* [GOAL OF THE EXERCISE]: Write the listing below out again word for word, without a single picture.

* [EXTRACTED RECORDS]:

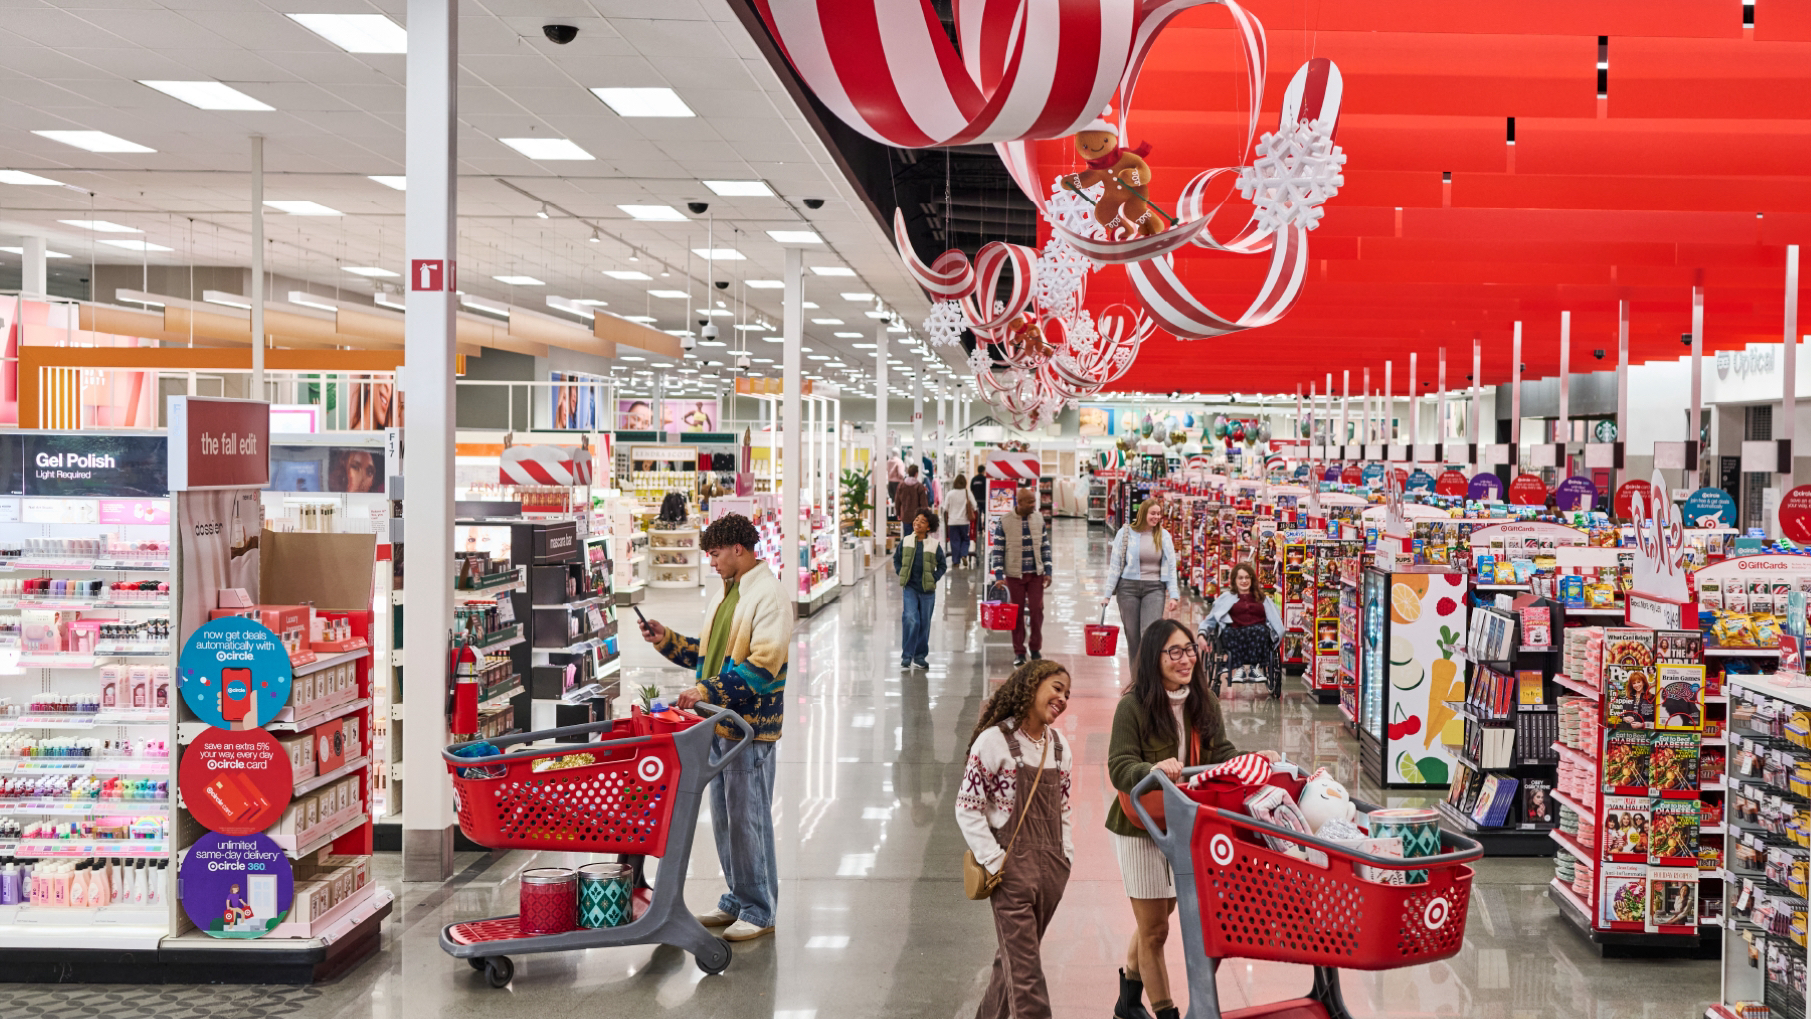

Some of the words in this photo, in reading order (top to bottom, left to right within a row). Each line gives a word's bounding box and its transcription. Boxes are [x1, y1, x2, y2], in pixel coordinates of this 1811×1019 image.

[1733, 343, 1775, 381] Optical
[201, 432, 219, 455] the
[221, 432, 237, 455] fall
[239, 433, 257, 455] edit
[35, 452, 63, 468] Gel
[67, 452, 116, 469] Polish
[35, 470, 55, 480] Light
[56, 470, 92, 480] Required
[195, 519, 223, 536] dossier
[550, 535, 567, 549] mascara
[1747, 561, 1788, 569] GiftCards
[204, 631, 223, 639] now
[225, 630, 240, 641] get
[242, 630, 267, 640] deals
[196, 640, 254, 652] automatically
[256, 641, 275, 650] with
[226, 651, 254, 660] circle
[1672, 649, 1686, 658] THE
[1611, 737, 1651, 745] DIABETES
[200, 751, 217, 760] your
[236, 752, 257, 760] every
[258, 750, 274, 760] day
[217, 759, 244, 769] circle
[246, 760, 267, 769] card
[217, 841, 257, 850] unlimited
[196, 850, 241, 860] same-day
[243, 850, 278, 862] delivery
[218, 861, 246, 871] circle
[247, 862, 265, 871] 360

* [ANSWER BELOW]:
Some of the words in this photo, in reading order (top to bottom, left to right within a row). Each line gives a word's bounding box and its transcription. Boxes are [x1, y1, x2, y2], in pixel coordinates of this 1811×1019 image.

[1733, 343, 1775, 381] Optical
[201, 432, 219, 455] the
[221, 432, 237, 455] fall
[239, 433, 257, 455] edit
[35, 452, 63, 468] Gel
[67, 452, 116, 469] Polish
[35, 470, 55, 480] Light
[56, 470, 92, 480] Required
[195, 519, 223, 536] dossier
[550, 535, 567, 549] mascara
[1747, 561, 1788, 569] GiftCards
[204, 631, 223, 639] now
[225, 630, 240, 641] get
[242, 630, 267, 640] deals
[196, 640, 254, 652] automatically
[256, 641, 275, 650] with
[226, 651, 254, 660] circle
[1672, 649, 1686, 658] THE
[1611, 737, 1651, 745] DIABETES
[200, 751, 217, 760] your
[236, 752, 257, 760] every
[258, 750, 274, 760] day
[217, 759, 244, 769] circle
[246, 760, 267, 769] card
[217, 841, 257, 850] unlimited
[196, 850, 241, 860] same-day
[243, 850, 278, 862] delivery
[218, 861, 246, 871] circle
[247, 862, 265, 871] 360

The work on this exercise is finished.